Ontario science table to be dissolved next month as director warns that pandemic will continue to be a 'daunting challenge'
A group of volunteer scientists and public health experts who have provided independent advice on the response to the COVID-19 pandemic say that their work is being discontinued, even as the Ford government insists that is not the case.
The Ontario Science Advisory Table has released a statement confirming that it was told by Public Health Ontario last week that it will be dissolved as of Sept. 6.
Premier Doug Ford, however, told reporters during a news conference in Niagara Falls on Friday that the work previously undertaken by the table will be “absorbed” by Public Health Ontario and will continue in some form.
A spokesperson for the Ministry of Health also told CP24 that the “the work of the Science Advisory Table (SAT) will continue” and that the “transition” currently tasking place “will help bolster its provincial resources, and ensure it can continue its strong connections with the broader academic community.”
“We aren’t dissolving it,” Ford insisted. “They are going to have a fulltime home over at public health working with (Chief Medical Officer of Health) Dr. (Kieran) Moore.”
The move to shut down the 35-member table and create a new structure under Public Health Ontario comes less than five months after the arms-length provincial agency announced that it was assuming “operation and oversight” of it. The table had previously been hosted by the University of Toronto’s Dalla Lana School of Public Health.
It also comes on the heels of the resignation of Science Advisory Table Co-Chair Dr. Adalsteinn Brown earlier this month.
In a memo sent to Public Health Ontario President and CEO Michael Sherar and released publicly on Friday, the remaining members of the table said that they would aim to complete their existing work ahead of Sept. 6.
They then cited several “key principals” of their “original mandate,” including an ability to “identify and study any scientific question that our members felt would help Ontario fight COVID-19” and to “communicate publicly and openly about the results of our investigations.”
The table also shared several lessons that they said they learned throughout the pandemic.
Those lessons were as follows: science matters, equity counts, transparency is critical, independence must be both perceived and delivered and timeliness and relevance are essential.
“The COVID-19 pandemic continues, and it contributes to Ontario’s growing number of health system crises,” the memo states. “Each of us on the science table has a contribution to make in the effort to secure Ontario's health, and we will now return fully to that work.”
The Ontario Science Advisory Table is made up of dozens of scientists and other experts, who have volunteered their time to study numerous aspects of the COVID-19 pandemic, often providing blunt advice to the government on the need for public health measures to limit spread.
The table also had a separate modelling group, which were responsible for frequent COVID-19 projections which often provided an early warning about impending waves of the pandemic.
In a statement released on Friday, the table’s scientific director Dr.

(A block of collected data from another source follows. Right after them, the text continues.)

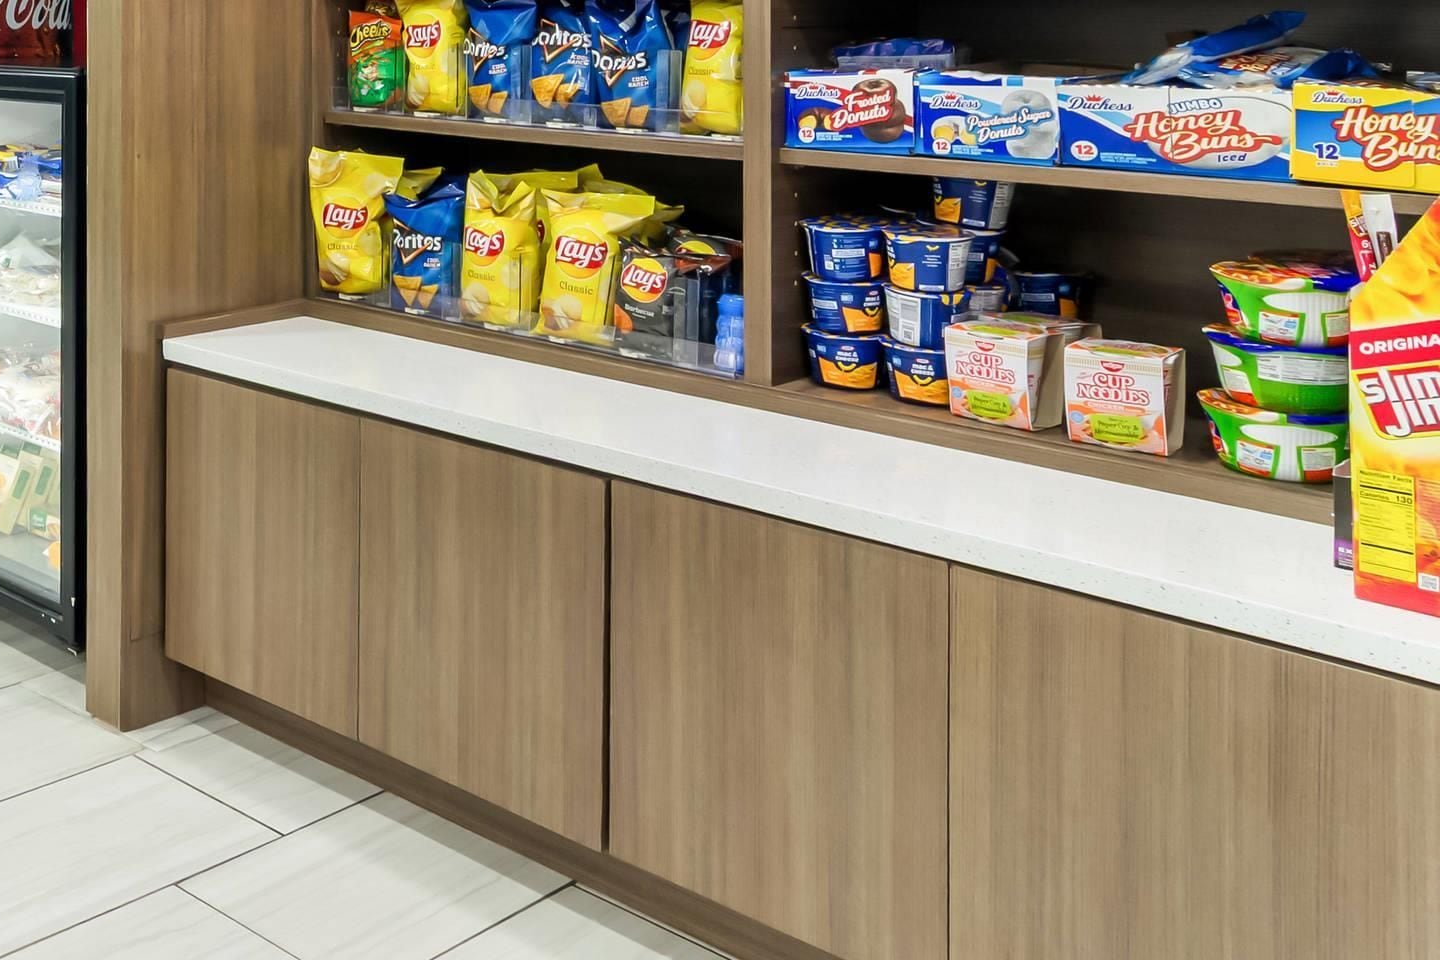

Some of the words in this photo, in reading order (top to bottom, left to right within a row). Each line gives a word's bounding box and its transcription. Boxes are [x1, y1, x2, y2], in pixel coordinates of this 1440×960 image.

[797, 86, 839, 98] Duchess
[844, 89, 891, 112] Frosted
[1311, 90, 1363, 105] Duchess
[929, 95, 980, 110] Duchess
[1067, 96, 1134, 112] Duchess
[1168, 97, 1222, 114] JUMBO
[831, 105, 890, 129] Donuts
[1018, 107, 1051, 124] Sugar
[976, 124, 1025, 143] Donuts
[1127, 112, 1234, 140] Honey
[1334, 107, 1439, 144] Honey
[936, 141, 949, 152] 12
[1074, 143, 1095, 156] 12
[1158, 129, 1282, 160] Buns
[1314, 143, 1339, 161] 12
[1217, 152, 1247, 163] Iced
[556, 235, 607, 269] Lay's
[623, 264, 665, 292] Lay's
[559, 280, 594, 296] Classic
[968, 351, 1003, 368] CUP
[955, 361, 1016, 385] NOODLES
[1092, 372, 1135, 388] CUP
[1076, 382, 1150, 406] NOODLES
[1396, 495, 1413, 505] 130

Farhad Razak noted that it was a “great privilege” to serve on the table since its inception and said that he hoped some of the “difficult” advice it provided ultimately “helped to reduce suffering” during “the worst public health crisis in a century.”

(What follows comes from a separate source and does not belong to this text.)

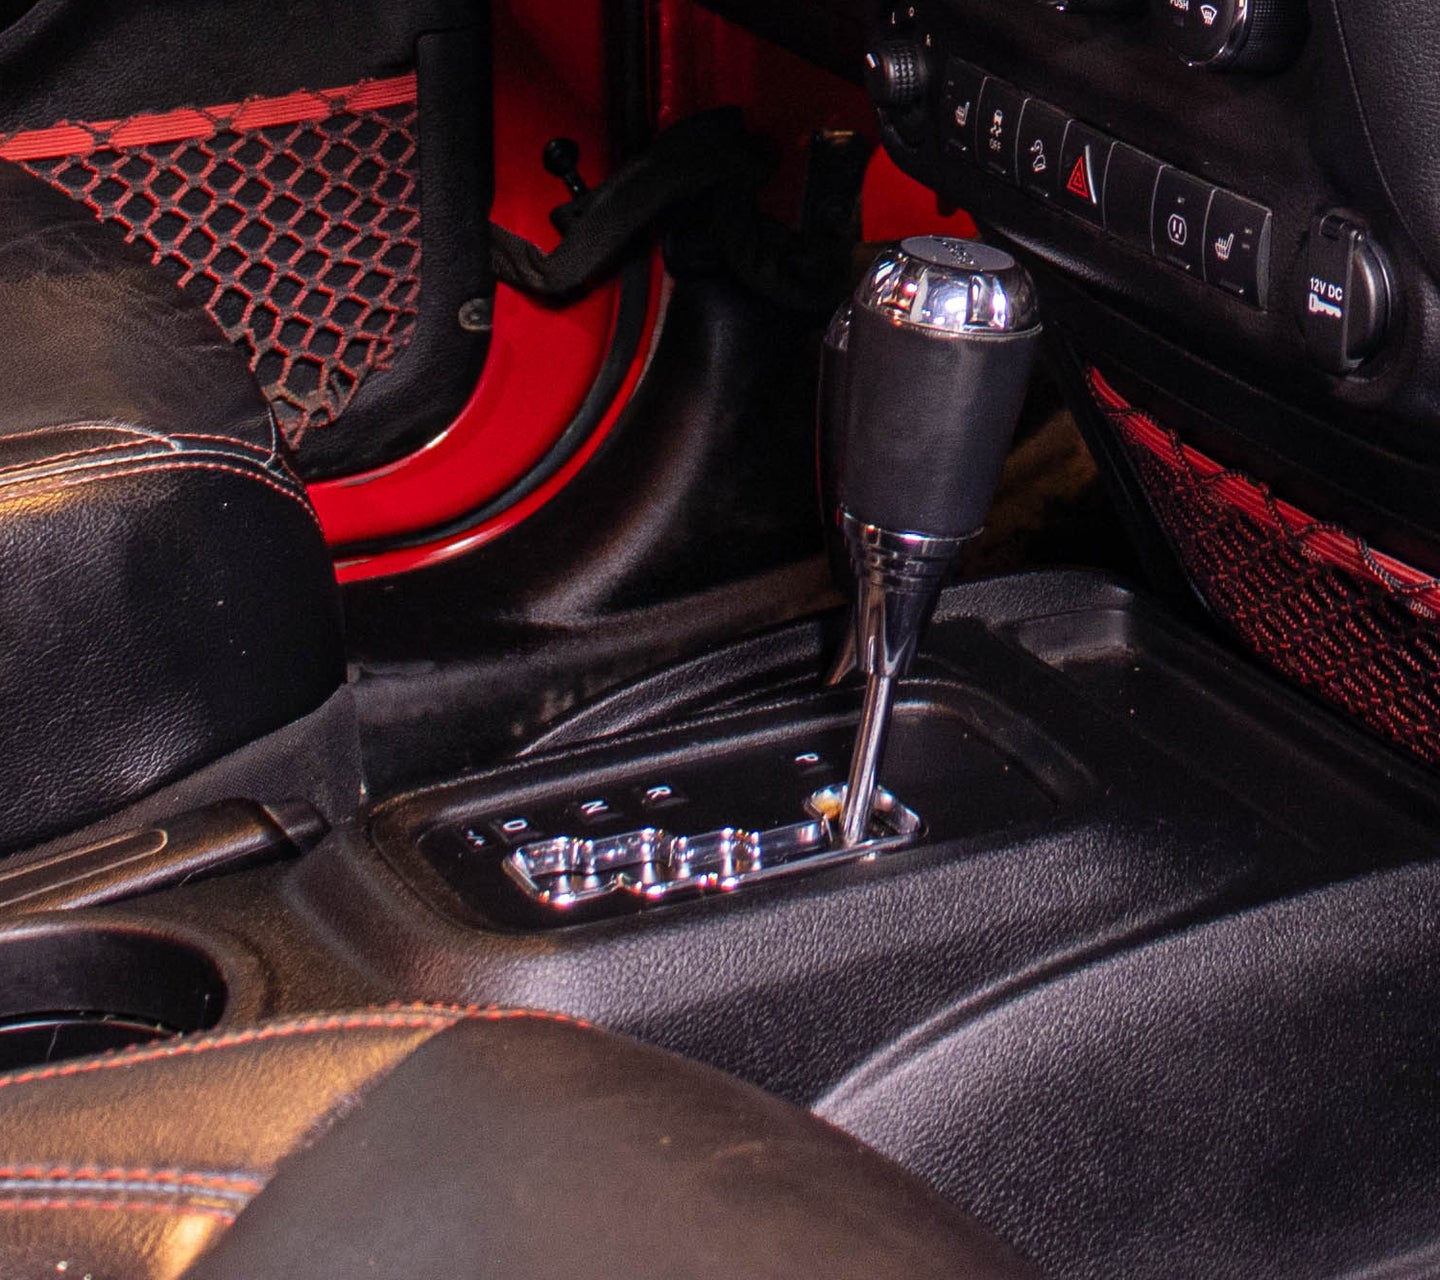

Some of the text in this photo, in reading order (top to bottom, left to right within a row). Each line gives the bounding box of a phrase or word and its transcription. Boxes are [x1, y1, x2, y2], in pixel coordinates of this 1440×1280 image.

Razak, however, warned that the “pandemic will remain a daunting challenge for the foreseeable future” and expressed hope that the “principals the table was based on” will live on in some form.
“I hope we can all take the steps necessary to reduce the burden of the pandemic to keep our system functioning in the difficult months ahead,” he said.
Advice was often ignored by government
The science’s table’s advice often differed from the actions taken by the Ford government throughout the pandemic, with its former scientific director Dr. Peter Juni frequently taking to the airwaves to forcefully urge Queen’s Park to act more aggressively.
He also, on occasion, found himself at odds with some of the decisions made by the Ford government, particularly over its decision to close playgrounds and other recreational amenities during a devastating wave of the pandemic in the spring of 2021.
The dissolution of the table, at least in its current form, comes with case loads trending down in more than half of Ontario’s public health units, even as experts warn of a fall wave of the pandemic that could put further strain on Ontario’s already overburdened healthcare system.
Students are also set to return to classrooms next month, with mask mandates no longer in effect and many other temporary public health meatuses, such as cohorting and mandatory physical distancing, no longer in place.
At this point it is not clear what form the advisory group could take under Public Health Ontario.
In a statement provided to CP24, the arms-length government agency said that the terms of reference are “currently being finalized.”
It said that once complete the new mandate for the group would allow for “continued provision of credible and independent scientific and technical public.” It also said that membership “will continue to be comprised of independent experts.”
“The new terms of reference establish a mandate that reflects a long-term, sustainable approach,” the statement notes.